* **EXERCISE GOAL**
Return the entries below in their exact form, leaving the pictures out.

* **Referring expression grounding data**

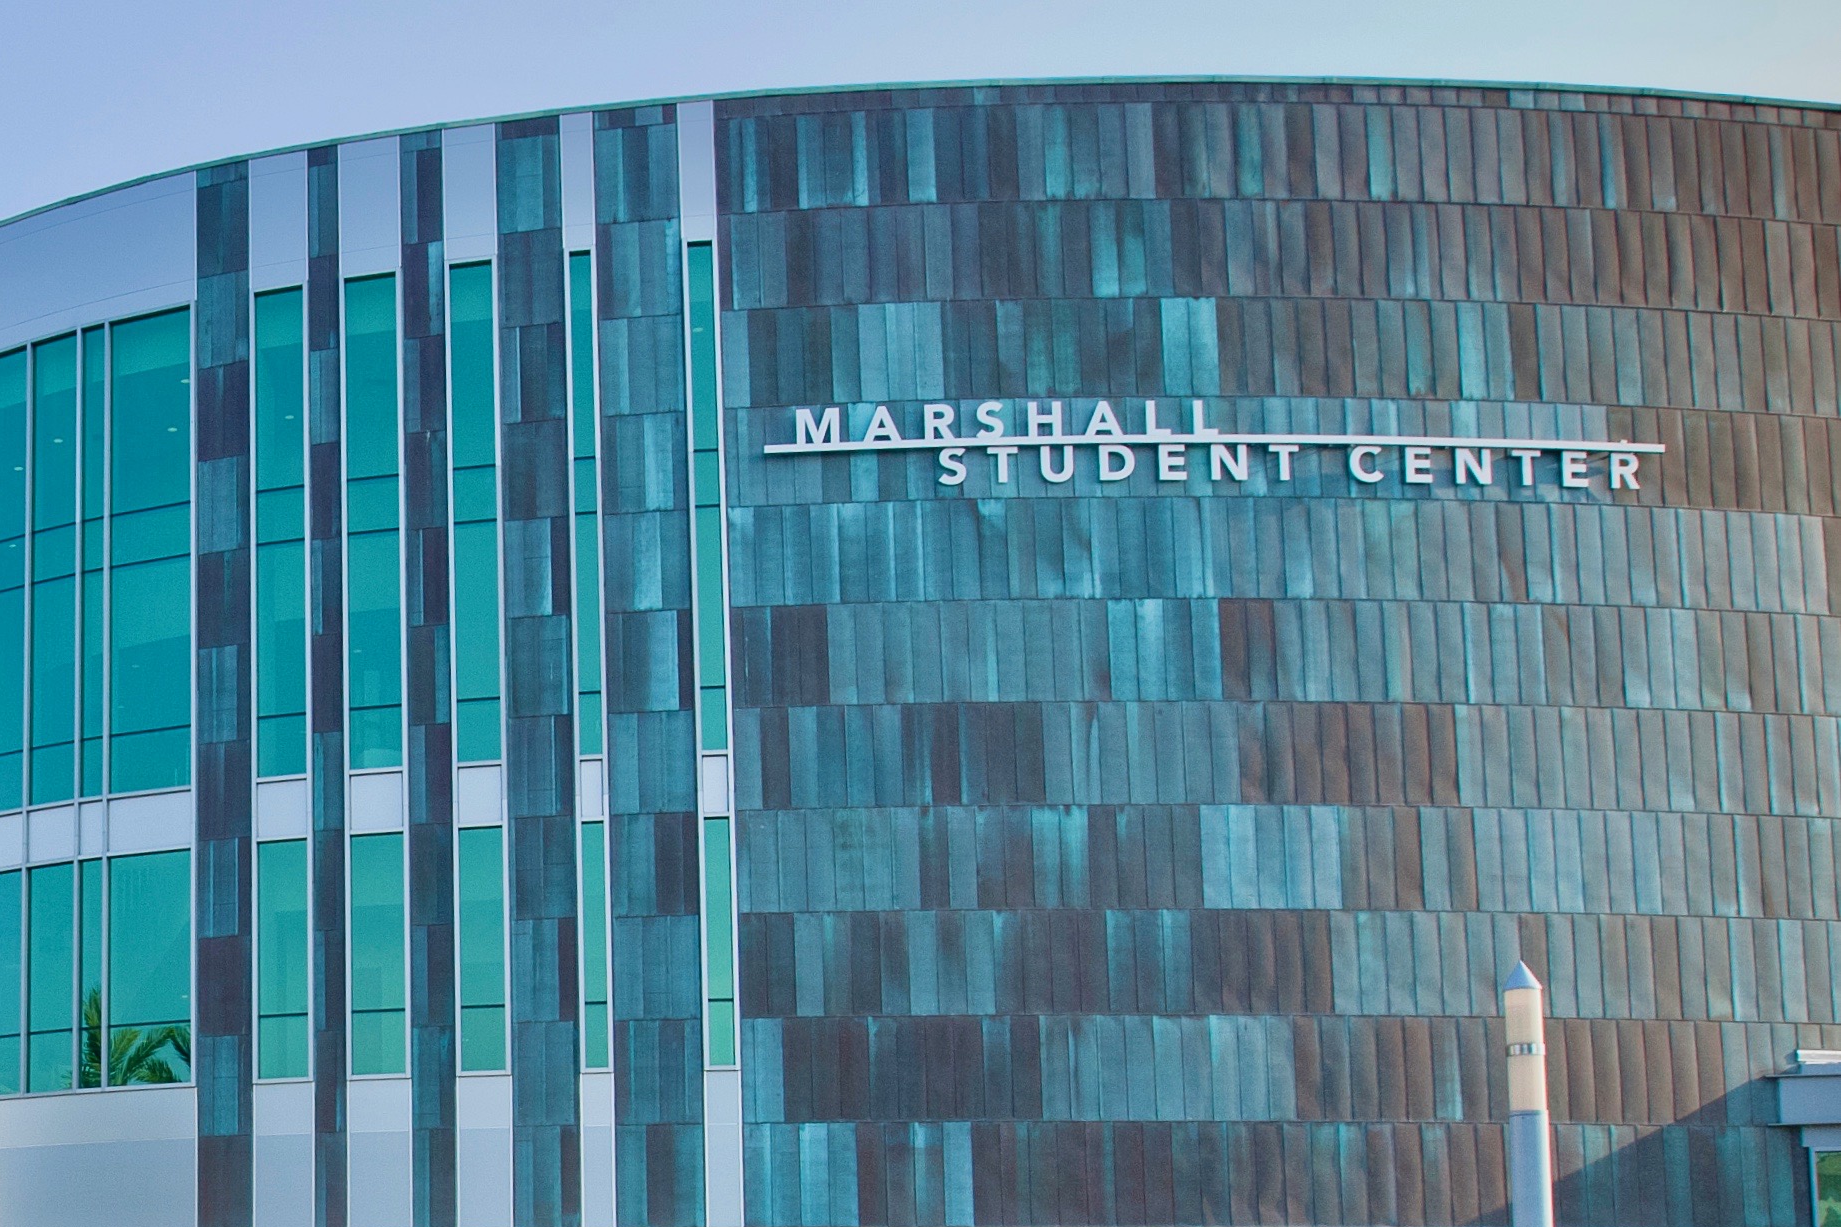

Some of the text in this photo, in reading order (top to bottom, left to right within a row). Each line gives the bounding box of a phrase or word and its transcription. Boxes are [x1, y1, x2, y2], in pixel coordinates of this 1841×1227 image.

[794, 400, 1220, 446] MARSHALL
[938, 444, 1641, 490] STUDENT CENTER
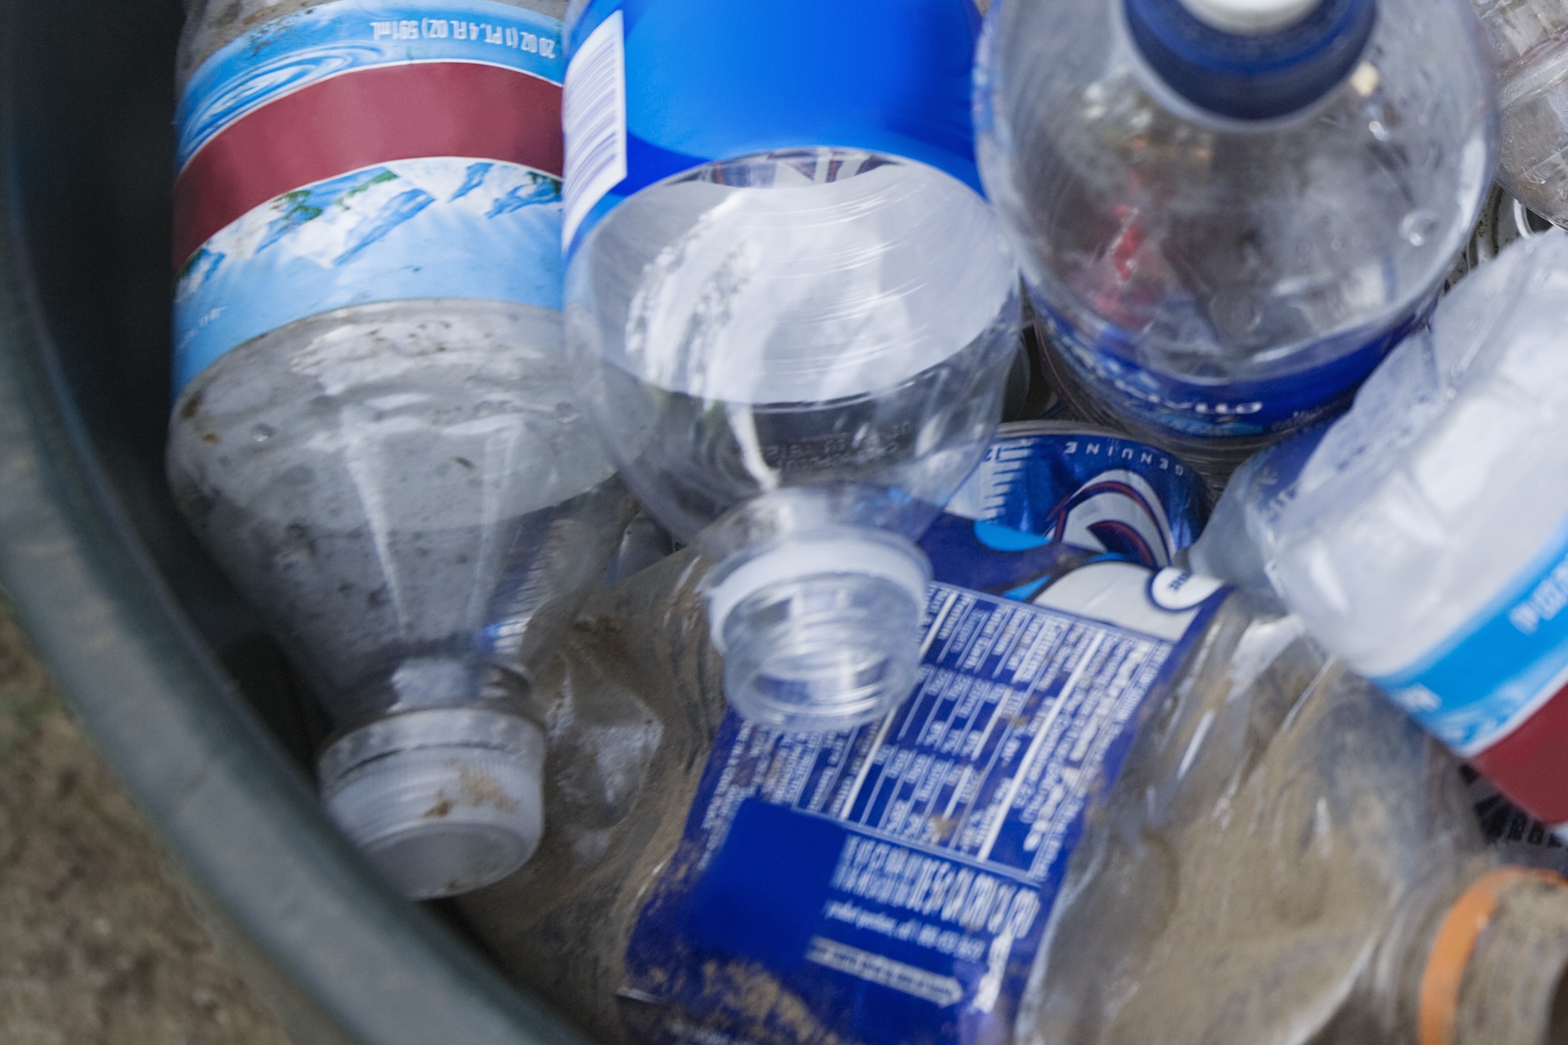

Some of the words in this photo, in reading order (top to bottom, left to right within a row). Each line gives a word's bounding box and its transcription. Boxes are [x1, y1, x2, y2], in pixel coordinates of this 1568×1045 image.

[421, 17, 448, 39] OZ)
[449, 20, 467, 40] FL
[505, 27, 519, 49] (1
[519, 31, 537, 53] OZ
[538, 37, 556, 59] 20
[1064, 441, 1185, 477] GENUINE
[988, 606, 1029, 657] Sodium
[1019, 764, 1079, 854] Facts
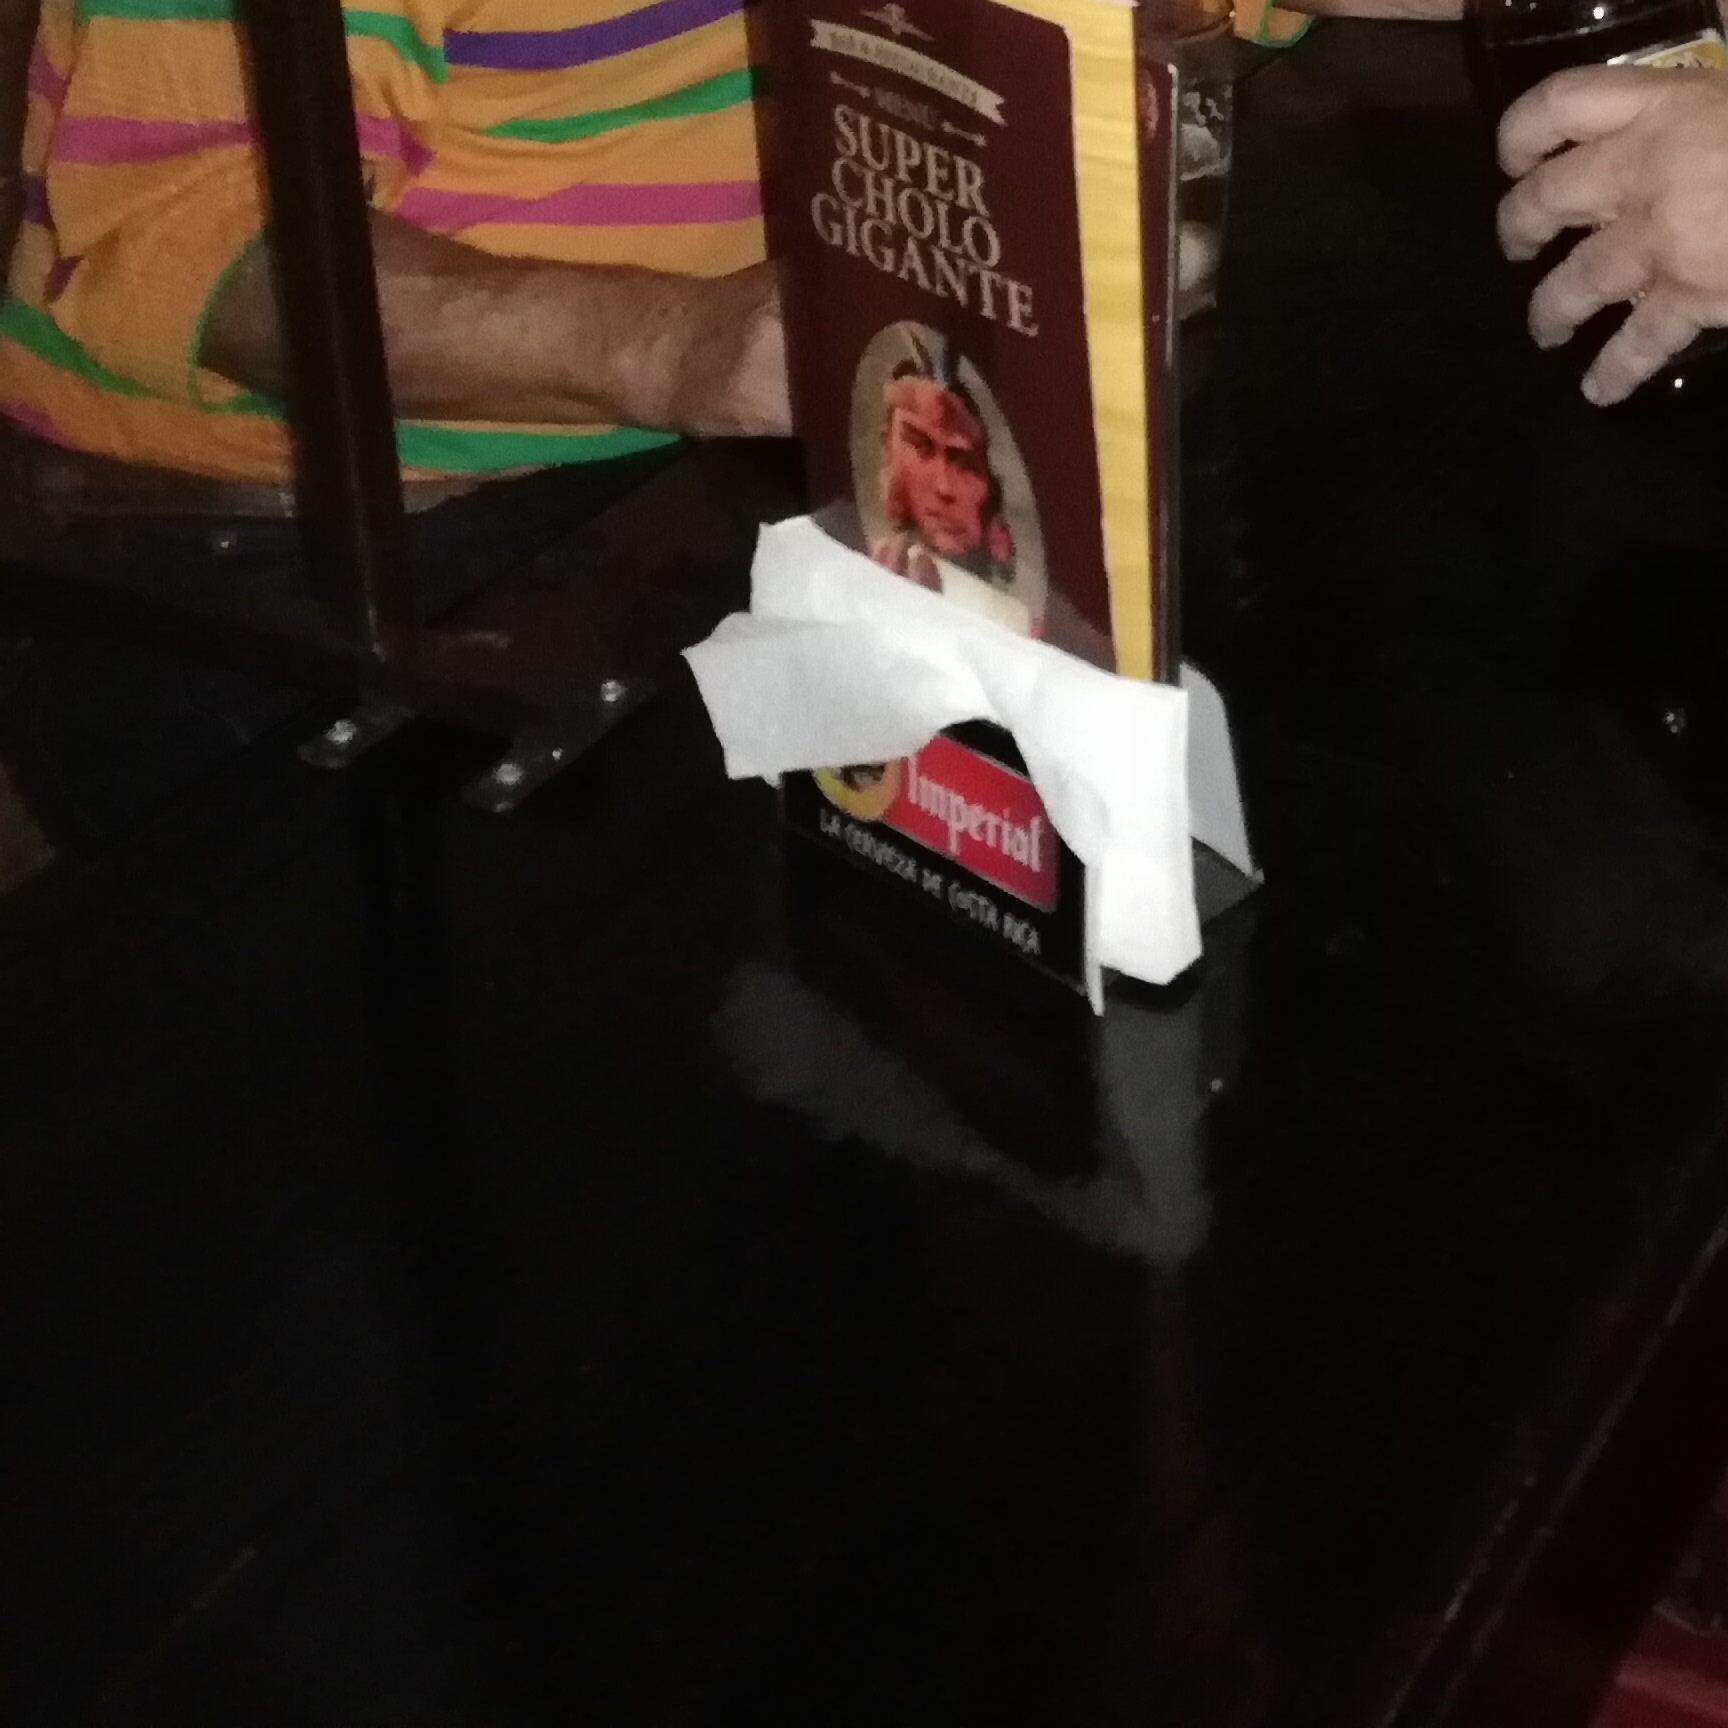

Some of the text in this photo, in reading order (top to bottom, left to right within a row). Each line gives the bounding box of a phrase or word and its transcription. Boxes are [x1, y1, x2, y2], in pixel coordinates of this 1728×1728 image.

[831, 158, 1001, 271] CHOLO
[833, 103, 988, 217] SUPER
[810, 192, 1039, 338] GIGANTE
[906, 746, 1042, 872] Imperial

* **SOLUTION TO THE EXERCISE**
Some of the text in this photo, in reading order (top to bottom, left to right within a row). Each line gives the bounding box of a phrase or word and its transcription. Boxes are [x1, y1, x2, y2], in pixel coordinates of this 1841×1227 image.

[794, 400, 1220, 446] MARSHALL
[938, 444, 1641, 490] STUDENT CENTER

Some of the words in this photo, in reading order (top to bottom, left to right within a row). Each line gives a word's bounding box and its transcription. Boxes are [x1, y1, x2, y2], in pixel coordinates of this 1568×1045 image.

[421, 17, 448, 39] OZ)
[449, 20, 467, 40] FL
[505, 27, 519, 49] (1
[519, 31, 537, 53] OZ
[538, 37, 556, 59] 20
[1064, 441, 1185, 477] GENUINE
[988, 606, 1029, 657] Sodium
[1019, 764, 1079, 854] Facts

Some of the text in this photo, in reading order (top to bottom, left to right within a row). Each line gives the bounding box of a phrase or word and its transcription. Boxes are [x1, y1, x2, y2], in pixel coordinates of this 1728×1728 image.

[831, 158, 1001, 271] CHOLO
[833, 103, 988, 217] SUPER
[810, 192, 1039, 338] GIGANTE
[906, 746, 1042, 872] Imperial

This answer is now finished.